LONDON (Reuters) - Credit Suisse (S:CSGN) is looking to shift about 50 jobs from London to Madrid as part of its efforts to continue doing business in the European Union after Britain leaves the bloc in 2019, a source close to the bank said on Monday.
The Swiss bank is in the process of notifying London-based staff about the moves that will affect its main divisions, namely investment banking, wealth management and asset management, the source said.
Credit Suisse, which employs about 5,500 people in London, will grow its Madrid headcount to almost 300 after the moves, while the Spanish capital will also serve as a hub for South America where the bank wants to expand its client network.
The news, which was first reported by Spanish paper Vozpopuli, comes as slow progress in post-Brexit negotiations with Brussels has raised fears of a so-called "hard Brexit" that would cause major disruption to global banks who run their European businesses from Britain.
With an October deadline on the trading relationship between Britain and the EU, banks are losing hope that they will be able to retain "passport" access to EU financial markets and have started implementing contingency plans.

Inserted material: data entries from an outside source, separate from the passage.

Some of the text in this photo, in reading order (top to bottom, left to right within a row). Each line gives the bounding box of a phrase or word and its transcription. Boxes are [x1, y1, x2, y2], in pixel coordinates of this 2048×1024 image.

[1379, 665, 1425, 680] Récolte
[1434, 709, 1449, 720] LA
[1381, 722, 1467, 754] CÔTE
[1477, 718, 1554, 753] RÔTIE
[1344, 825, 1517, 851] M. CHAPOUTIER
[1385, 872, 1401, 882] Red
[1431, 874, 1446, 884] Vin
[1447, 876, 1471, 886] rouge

U.S. banks including Goldman Sachs (N:GS) and JPMorgan (N:JPM) are looking to beef up regional offices across Europe including Paris, Madrid and Milan.
Barclays (L:BARC) has begun shifting 40 to 50 investment banking jobs from Britain to Frankfurt, while Citigroup (N:C) is boosting its operations in France ahead of Brexit with a series of senior appointments.
For Credit Suisse, Madrid will not be the only destination as it is looking to relocate staff to multiple EU locations, the source said, while adding that London will still play a role even after Brexit.